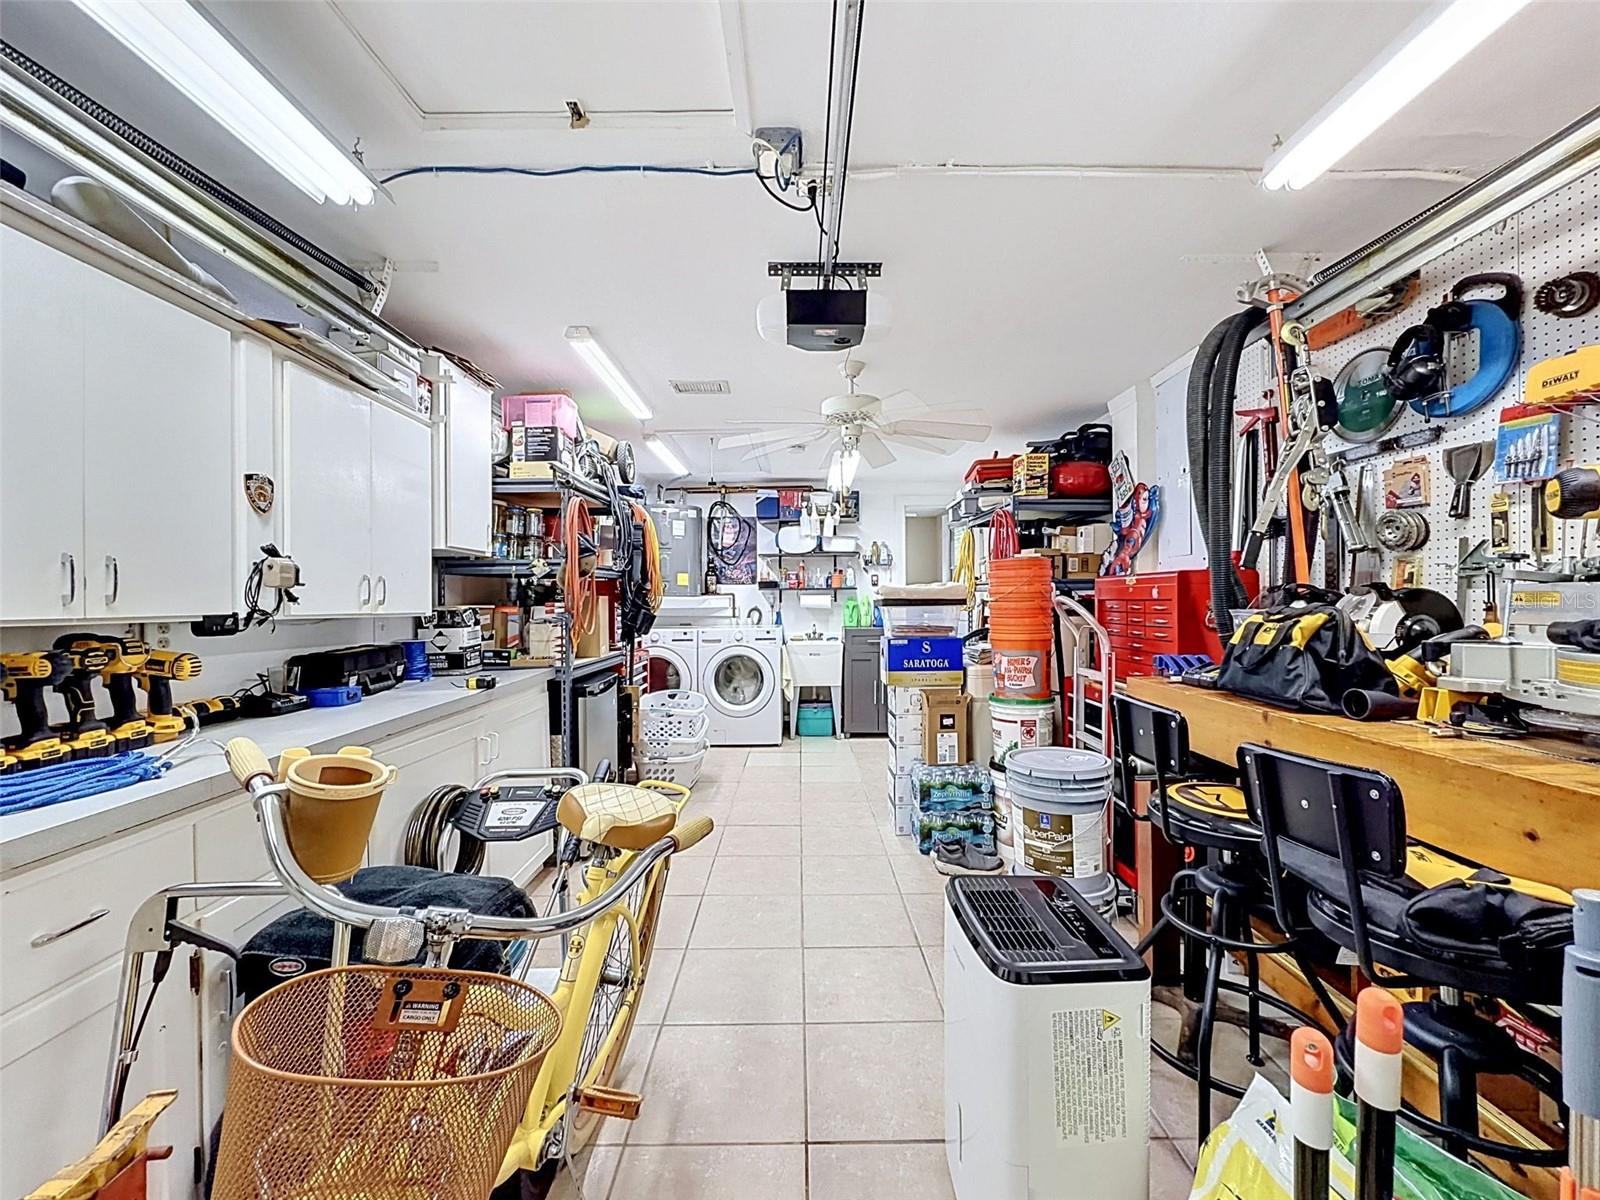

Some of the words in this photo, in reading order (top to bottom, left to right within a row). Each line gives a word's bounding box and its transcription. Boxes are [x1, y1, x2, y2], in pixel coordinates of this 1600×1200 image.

[921, 640, 932, 654] S
[903, 659, 949, 668] SARATOGA
[1007, 674, 1027, 682] BUCKET
[1024, 826, 1073, 841] SuperPaint
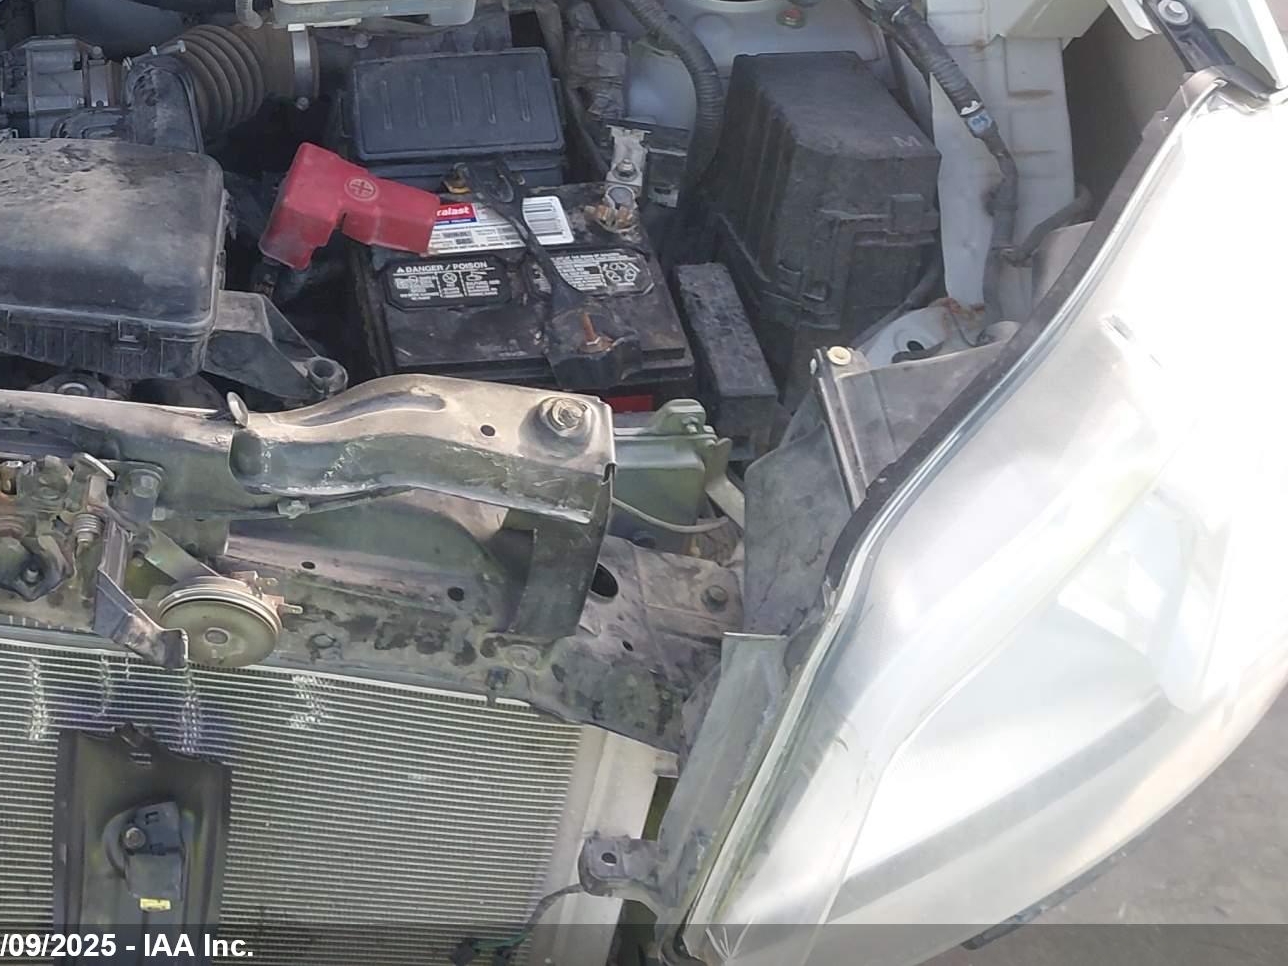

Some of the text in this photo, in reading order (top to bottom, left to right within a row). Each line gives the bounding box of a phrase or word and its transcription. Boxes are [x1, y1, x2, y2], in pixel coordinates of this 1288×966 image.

[436, 206, 470, 217] ralast
[405, 264, 444, 274] DANGER
[452, 261, 488, 270] POISON
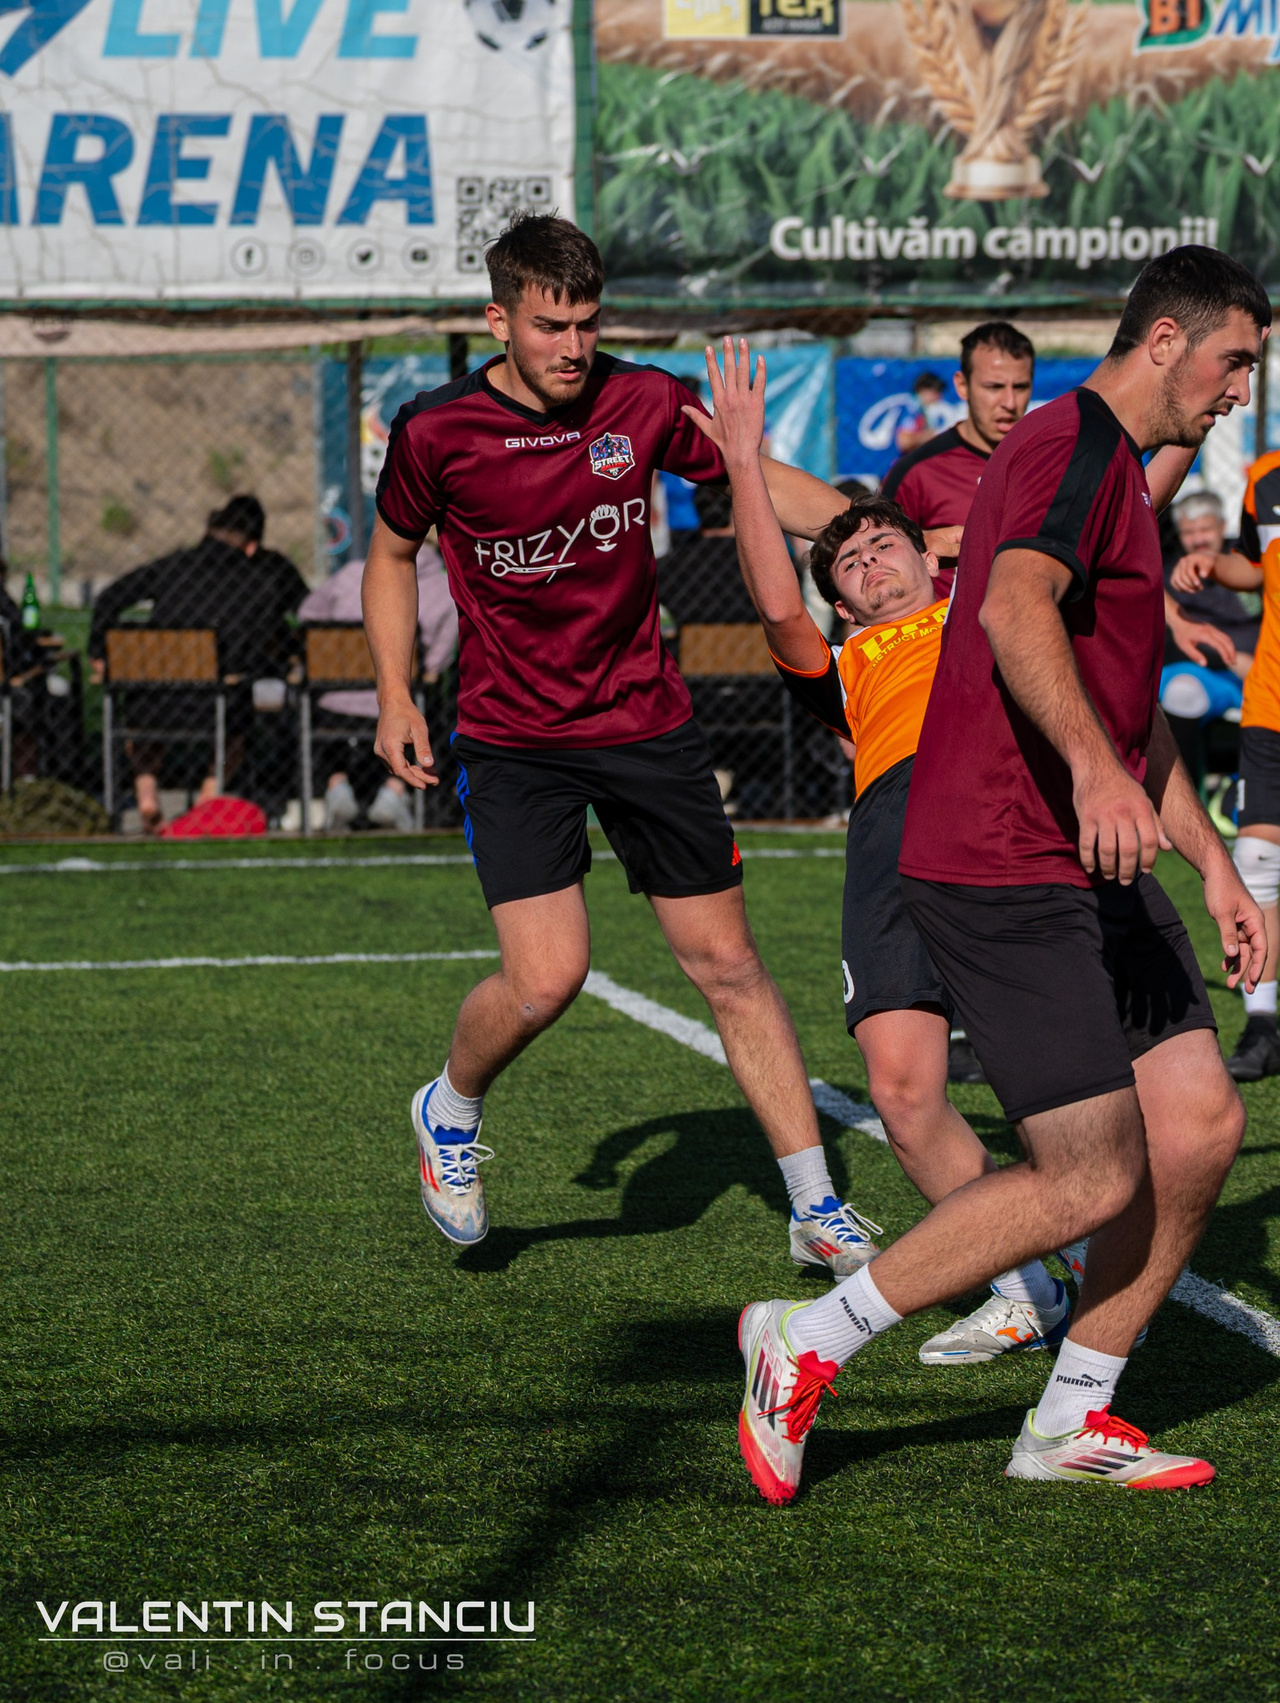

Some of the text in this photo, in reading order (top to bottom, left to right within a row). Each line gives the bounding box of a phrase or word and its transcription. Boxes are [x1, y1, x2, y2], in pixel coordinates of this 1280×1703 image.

→ Work item:
Where images occur in the data above, leave them out and repeat everything else exactly.

→ Your solution:
Some of the words in this photo, in reading order (top to bottom, left to right within a row). Each line gives a word's bounding box and its transcription. Boxes are [x1, y1, x2, y2], in pixel coordinates of this 1600×1200 image.

[921, 640, 932, 654] S
[903, 659, 949, 668] SARATOGA
[1007, 674, 1027, 682] BUCKET
[1024, 826, 1073, 841] SuperPaint

Some of the text in this photo, in reading order (top to bottom, left to right within a row). Each line gives the bounding box of a phrase or word and its transcription. Boxes are [x1, y1, x2, y2], in pixel coordinates of this 1288×966 image.

[436, 206, 470, 217] ralast
[405, 264, 444, 274] DANGER
[452, 261, 488, 270] POISON

Some of the text in this photo, in reading order (top to bottom, left to right within a row). Each line gives the bounding box of a phrase or word and its transcription. Boxes are [x1, y1, x2, y2], in pixel coordinates of this 1280×1703 image.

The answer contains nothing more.